How to make security more approachable? Jessysaurusrex roars (Q&A)
WASHINGTON, D.C.—It’s hardly news that everything is hackable, even security software like password manager LastPass, as revealed here last month. But the fact that even security software makers have a hard time building and updating their products should force security firms to be more responsive and communicative, Jessy Irwin says.
Perhaps the most potent example of cybersecurity experts’ communication challenges was Edward Snowden’s struggle to explain the complexities revolving the vast trove of National Security Administration documents he leaked in 2013, says Irwin, a sort of Jill-of-all-trades who recently started working for LastPass competitor 1Password as a security evangelist.
On Comedy Central’s Last Week Tonight news comedy show in April, host John Oliver distilled the complex questions surrounding the NSA’s spying abilities into one pointed question: “Oliver asked Snowden, ‘Can the NSA see my dick pics?’ And suddenly, regular Americans [became] the biggest privacy advocates,” Irwin says. “We have to find out a way to make security issues understood by everybody.”
Best known online by her Twitter handle, Jessysaurusrex, through which she prolifically advocates for more secure software development, hard-to-crack passwords, and better online-security education, Irwin has made decreasing the fear, uncertainty, and doom in security a professional mission. She can discuss security and privacy topics across a range of ages and backgrounds, and she has taken to distilling complicated security issues into slogans that appear on signs held by bunnies. Here’s one encouraging VPN use on public Wi-Fi:
And another on the importance of securing your home Wi-Fi router:
Irwin sat down with The Parallax here at the recent high-energy hacker conference ShmooCon to discuss her presentation on making computer security less intimidating. Here is an edited transcript of our conversation.

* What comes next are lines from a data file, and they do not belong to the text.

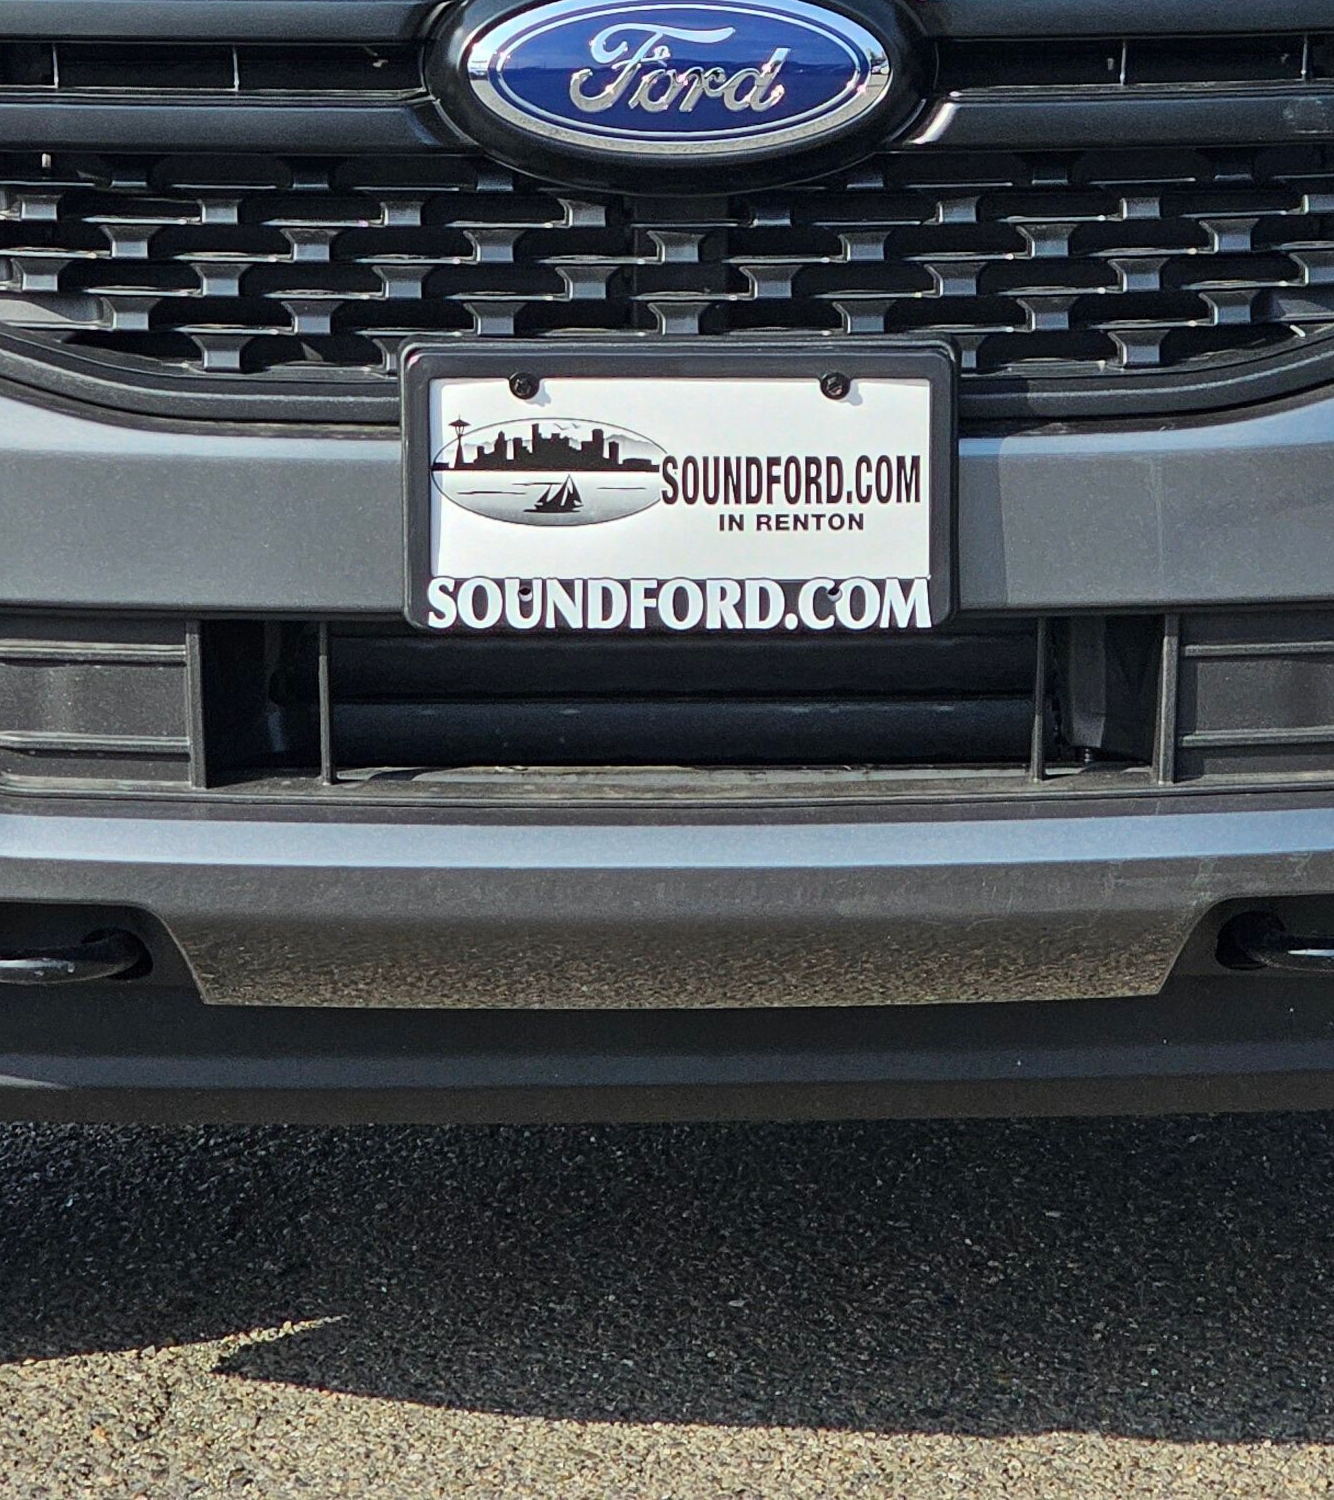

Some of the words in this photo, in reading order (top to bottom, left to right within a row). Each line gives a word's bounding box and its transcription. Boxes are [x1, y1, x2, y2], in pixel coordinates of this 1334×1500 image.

[569, 22, 791, 114] Ford
[660, 455, 922, 505] SOUNDFORD.COM
[718, 513, 746, 532] IN
[756, 512, 865, 532] RENTON
[427, 576, 932, 630] SOUNDFORD.COM
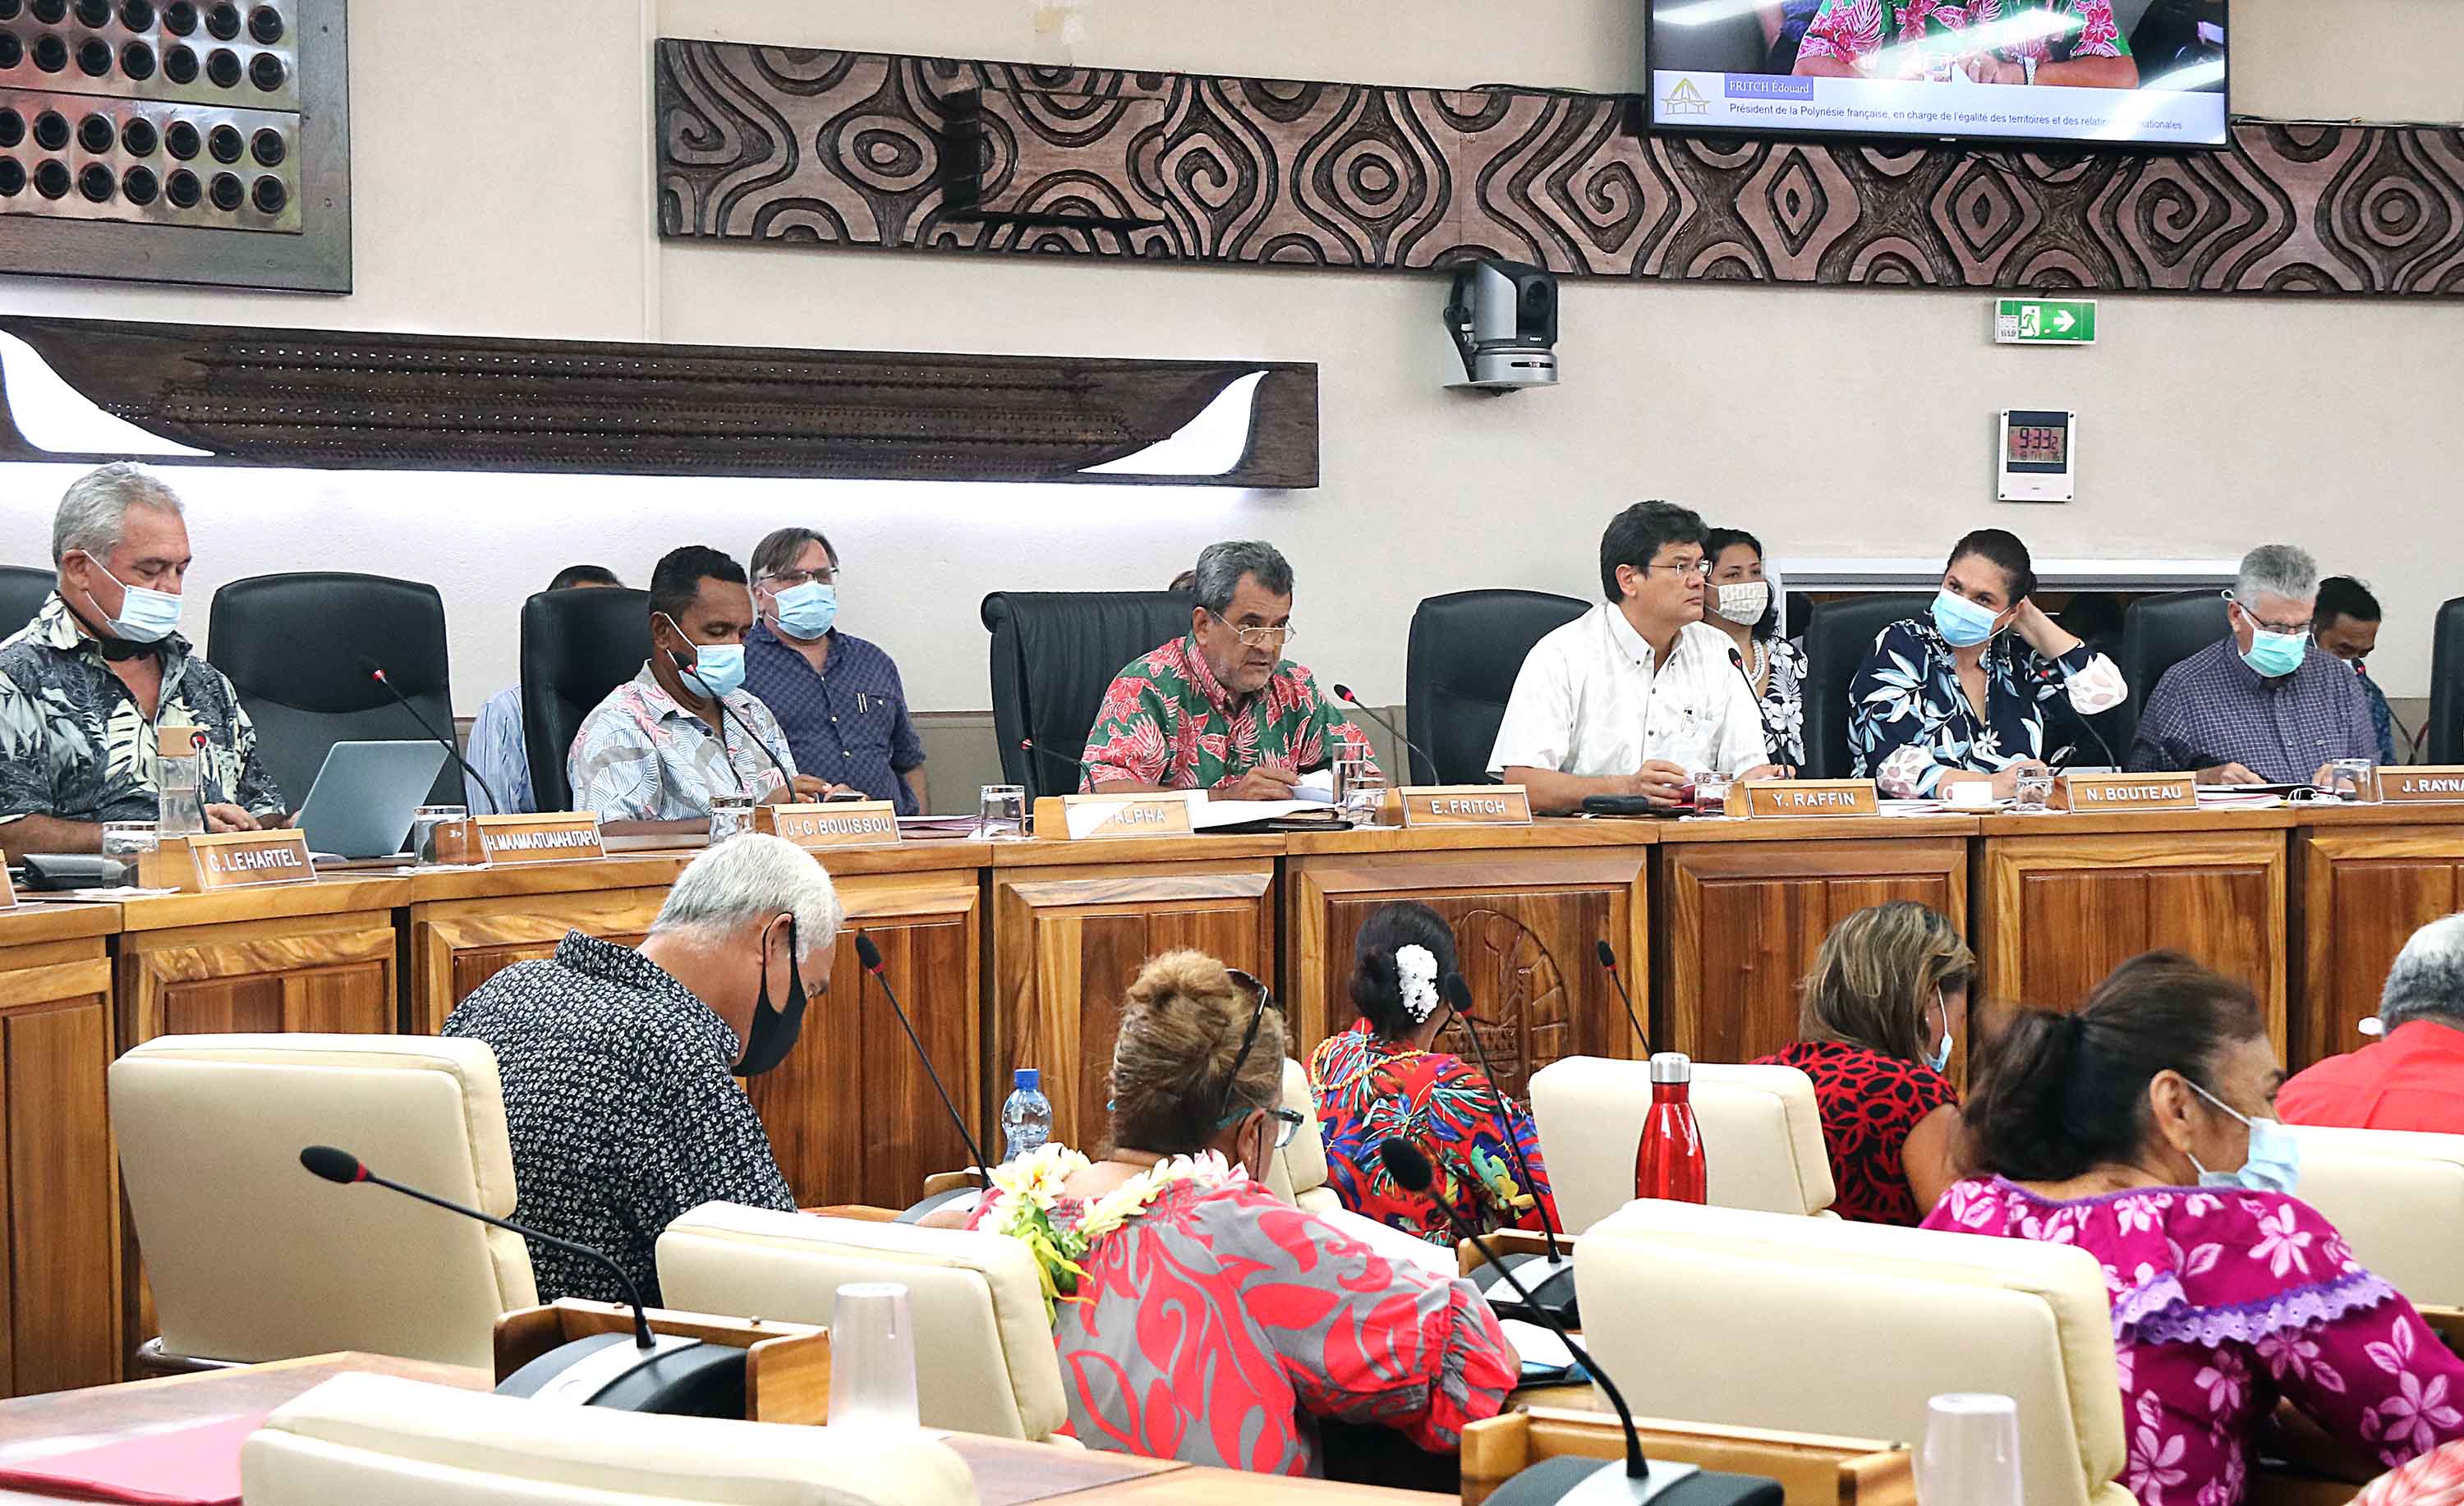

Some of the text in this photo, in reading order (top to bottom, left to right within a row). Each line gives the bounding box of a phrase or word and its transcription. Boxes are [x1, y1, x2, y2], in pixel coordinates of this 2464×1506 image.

[1729, 79, 1809, 94] FRITCH Édouard
[1730, 103, 1772, 114] Président
[1775, 104, 1786, 115] de
[1790, 105, 1798, 115] la
[1800, 105, 1844, 119] Polynésie
[1893, 110, 1905, 119] en
[1907, 109, 1938, 122] charge
[1940, 110, 1951, 121] de
[1990, 113, 2006, 123] des
[2009, 114, 2049, 125] territoires
[2053, 116, 2061, 125] et
[2063, 115, 2079, 126] des
[1793, 792, 1855, 807] RAFFIN

Q: Why is it so hard for security experts and companies to talk to their users?
A: You have to know your audience. If mine is a room of 8-year-olds, I need to think of simple facts that they don’t know—and then blow their minds with them. If I say, “There’s a series of chips in your computer that transmit light back and forth to each other,” they’re going to say, “What?” All it takes is one fact that is exciting but seems impossible, and they’re hooked on learning more.
Snowden took a major blow for the team when he leaked those documents, but when he did that interview with John Oliver, he didn’t know how to break it down for the average person.
Are security software developers trying to do right by their users?
Some of the people I thought would be the scariest hackers to deal with said I had good points about the importance of good communication. They admitted that they’re bad at making things easier for users, and they tried something new. I’ve seen some hard-core hackers advocate for nontechnical people, but there’s still a fair number of people who say it’s not important or their problem.
We’ve spent 19 months developing 1Password for Teams. We’ve spent 5 to 6 of those months working with our “chief defender against the dark arts” on a 50-plus-page security whitepaper. In security, many people say being transparent costs nothing, but in reality, time is money, and this was an investment we knew we needed to make for our users.
What advice would you give to nontechnical people?
Update every tool you use. It only takes about eight hours for someone to exploit a newly disclosed vulnerability and release malware somewhere.
But there’s no point in using strong encryption, or even antimalware, if you don’t use strong passwords. You can take it from a personal-privacy perspective: We know from the documents leaked by Snowden that the NSA can crack seven-word passphrases, so to stay ahead, you should be creating passwords of at least eight words. We’re dealing with the same cryptography problems that we’ve been dealing with in the 1990s.
We hear a lot right now about newer technology that is supposed to replace passwords. We know that Google’s working on it, and PayPal is working on it, but we haven’t seen any such technology come to market. Why is that?
Passwords aren’t just something we can change in North America and export to the rest of the world. I can’t name companies because of nondisclosure agreements, but generally, American startups tend to use offshore developers to shorten the time it takes to get a product to market. It’s a common process, and it’s something that is happening in the software market right now. I’ve recently seen companies build software using tech that was sunset in 2008.
Most developers care more about access to the tech that works than they care about the security piece because at the end of the day, they’ve got shit to do online.